(Stored data entries)
******************************
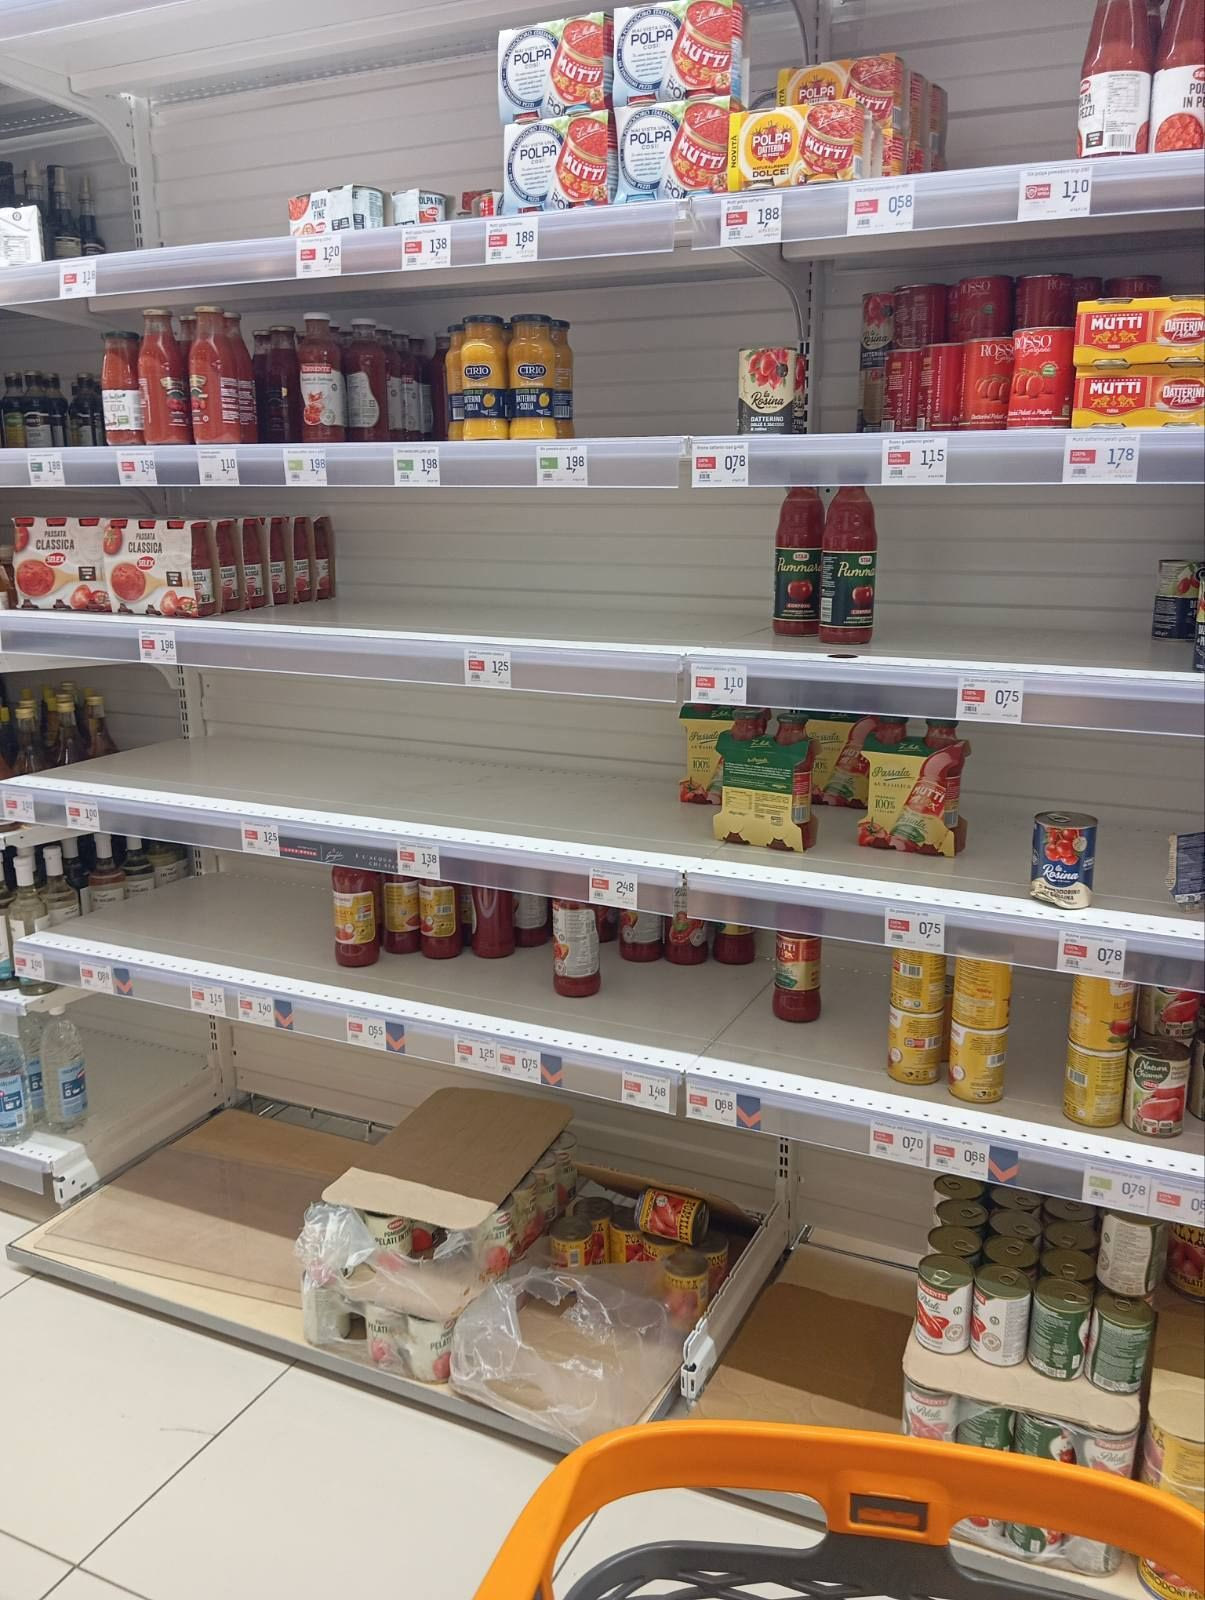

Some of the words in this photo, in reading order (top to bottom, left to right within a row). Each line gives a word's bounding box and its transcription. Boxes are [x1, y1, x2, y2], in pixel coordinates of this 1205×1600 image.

[631, 29, 674, 46] POLPA
[513, 48, 552, 65] POLPA
[680, 32, 730, 68] MUTTI
[557, 54, 602, 83] MUTTI
[799, 85, 835, 100] POLPA
[630, 130, 672, 145] POLPA
[752, 132, 791, 147] POLPA
[520, 144, 557, 160] POLPA
[678, 135, 726, 168] MUTTI
[804, 137, 848, 159] MUTTI
[562, 151, 606, 180] MUTTI
[752, 168, 789, 178] DOLCE!
[1061, 179, 1089, 202] 1,10
[888, 194, 913, 216] 0,58
[756, 207, 780, 228] 1,88
[429, 238, 448, 257] 1,38
[515, 230, 534, 249] 1,88
[323, 246, 340, 263] 1,20
[1090, 316, 1143, 331] MUTTI
[465, 367, 489, 375] CIRIO
[519, 366, 545, 374] CIRIO
[1089, 381, 1141, 394] MUTTI
[751, 391, 784, 409] Rosina
[220, 458, 236, 474] 1,10
[309, 458, 326, 474] 1,98
[566, 455, 584, 473] 1,98
[725, 455, 746, 473] 0,78
[920, 449, 944, 469] 1,15
[1106, 448, 1135, 468] 1,78
[420, 458, 438, 475] 1,98
[36, 538, 75, 550] CLASSICA
[128, 542, 163, 554] CLASSICA
[160, 640, 174, 654] 1,98
[492, 661, 509, 676] 1,25
[723, 677, 744, 694] 1,10
[995, 690, 1019, 708] 0,75
[872, 766, 911, 778] Passata
[875, 799, 896, 810] 100%
[263, 831, 278, 845] 1,25
[421, 853, 437, 868] 1,38
[1042, 863, 1079, 882] Rosina
[616, 881, 634, 896] 2,48
[919, 921, 941, 939] 0,75
[1097, 947, 1122, 965] 0,78
[368, 1025, 383, 1039] 0,55
[479, 1048, 495, 1062] 1,25
[521, 1057, 538, 1072] 0,75
[1140, 1060, 1169, 1073] Natura
[648, 1084, 666, 1100] 1,48
[714, 1098, 733, 1113] 0,68
[902, 1135, 923, 1152] 0,70
[964, 1149, 986, 1165] 0,68
[1121, 1182, 1146, 1199] 0,78
[368, 1323, 388, 1334] PELATI
******************************
The task: Write every line of the data out again exactly, leaving out all images.

Reply to the task:
Some of the words in this photo, in reading order (top to bottom, left to right within a row). Each line gives a word's bounding box and its transcription. Boxes are [x1, y1, x2, y2], in pixel coordinates of this 1205×1600 image.

[631, 29, 674, 46] POLPA
[513, 48, 552, 65] POLPA
[680, 32, 730, 68] MUTTI
[557, 54, 602, 83] MUTTI
[799, 85, 835, 100] POLPA
[630, 130, 672, 145] POLPA
[752, 132, 791, 147] POLPA
[520, 144, 557, 160] POLPA
[678, 135, 726, 168] MUTTI
[804, 137, 848, 159] MUTTI
[562, 151, 606, 180] MUTTI
[752, 168, 789, 178] DOLCE!
[1061, 179, 1089, 202] 1,10
[888, 194, 913, 216] 0,58
[756, 207, 780, 228] 1,88
[429, 238, 448, 257] 1,38
[515, 230, 534, 249] 1,88
[323, 246, 340, 263] 1,20
[1090, 316, 1143, 331] MUTTI
[465, 367, 489, 375] CIRIO
[519, 366, 545, 374] CIRIO
[1089, 381, 1141, 394] MUTTI
[751, 391, 784, 409] Rosina
[220, 458, 236, 474] 1,10
[309, 458, 326, 474] 1,98
[566, 455, 584, 473] 1,98
[725, 455, 746, 473] 0,78
[920, 449, 944, 469] 1,15
[1106, 448, 1135, 468] 1,78
[420, 458, 438, 475] 1,98
[36, 538, 75, 550] CLASSICA
[128, 542, 163, 554] CLASSICA
[160, 640, 174, 654] 1,98
[492, 661, 509, 676] 1,25
[723, 677, 744, 694] 1,10
[995, 690, 1019, 708] 0,75
[872, 766, 911, 778] Passata
[875, 799, 896, 810] 100%
[263, 831, 278, 845] 1,25
[421, 853, 437, 868] 1,38
[1042, 863, 1079, 882] Rosina
[616, 881, 634, 896] 2,48
[919, 921, 941, 939] 0,75
[1097, 947, 1122, 965] 0,78
[368, 1025, 383, 1039] 0,55
[479, 1048, 495, 1062] 1,25
[521, 1057, 538, 1072] 0,75
[1140, 1060, 1169, 1073] Natura
[648, 1084, 666, 1100] 1,48
[714, 1098, 733, 1113] 0,68
[902, 1135, 923, 1152] 0,70
[964, 1149, 986, 1165] 0,68
[1121, 1182, 1146, 1199] 0,78
[368, 1323, 388, 1334] PELATI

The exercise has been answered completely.